A senior government minister could easily have taken Bieber to visit one of the country’s world-renowned children’s hospitals, an immigrant absorption center, a school – even one for the performing arts, where he may well have agreed to give a master class.
THE CONTEXT of the visit is significant. In the past year, some major international artists have joined the ongoing cultural assault against Israel. Acts like Elvis Costello, Pink Floyd and Carlos Santana, to name a few, have submitted to pressure by the Palestinian Authority and its Western supporters and boycotted the country.
It was no small achievement that Bieber withstood that pressure. Aside from his own firm Christian faith, the strong Jewish identity of his manager, Scooter Braun, and his grandmother, a Holocaust survivor, whom Bieber honored at the concert, there were additional elements for Israel to consider. His Jewishly identified lead guitarist Dan Kantor picked out “Hatikva” on his electric guitar to kick off the April 14 show.

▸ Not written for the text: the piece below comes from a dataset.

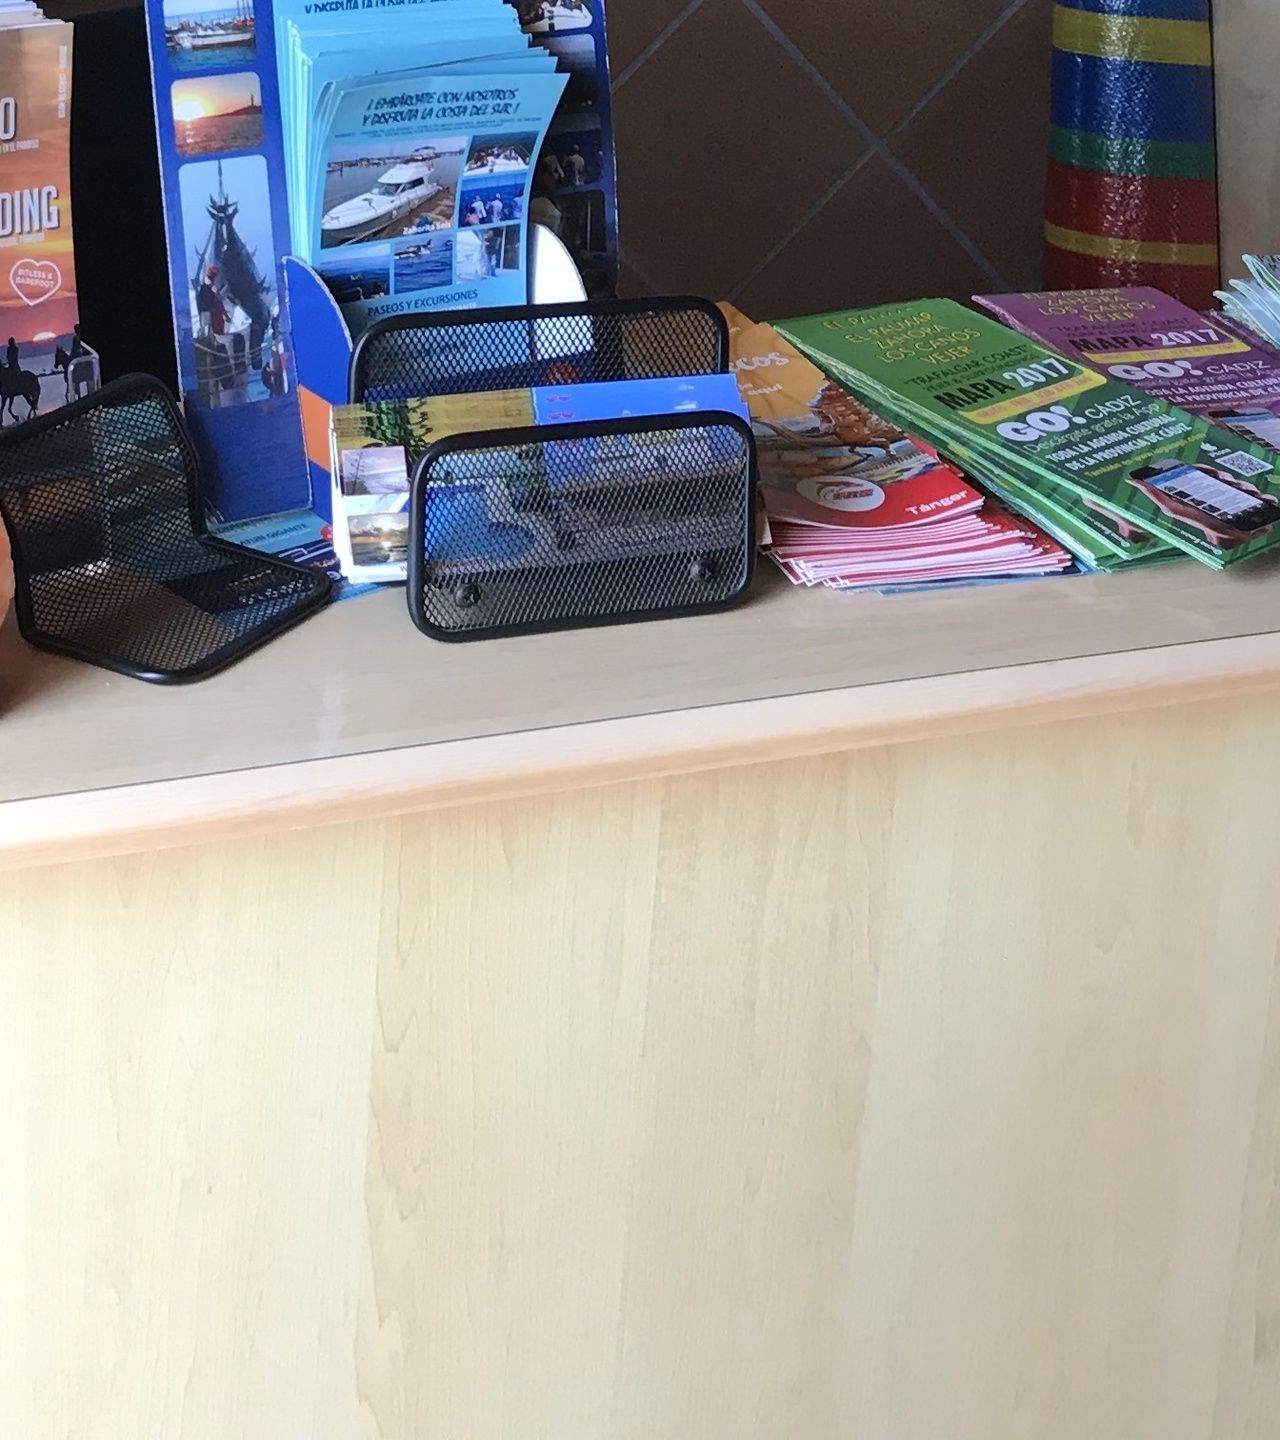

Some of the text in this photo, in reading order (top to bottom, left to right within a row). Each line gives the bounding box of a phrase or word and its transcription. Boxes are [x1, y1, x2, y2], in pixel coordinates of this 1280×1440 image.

An official and public embrace of Bieber, his band and his entourage would only have enhanced the so-called “third party validation” of Israel, which would likely have radiated across the international music scene. One cannot overestimate the force multiplier effect of one of the world’s most popular song-and-dance men since Elvis Presley speaking well of the nation-state of the Jewish people in the media, which today quotes Bieber even more frequently than it misquotes Israeli leaders and misreports Israel’s story.
The resulting “echo effect” would have helped counter the poisonous and grotesque Boycott, Divestment and Sanctions campaign against Israel that has gripped Europe and even some circles in Hollywood.
Bieber’s overall experience ended up rebounding from a negative to a positive one, as he noted in his post-concert exuberance. However, it might better serve Israel’s overall public diplomacy interests if government leaders were to reach out to high-profile visitors, and especially mega-stars like Bieber, well in advance of their planned visits to increase the prospects of Israel’s receiving the positive, accurate and critically important exposure it desperately deserves.
The writer is secretary-general-designate of the World Jewish Congress.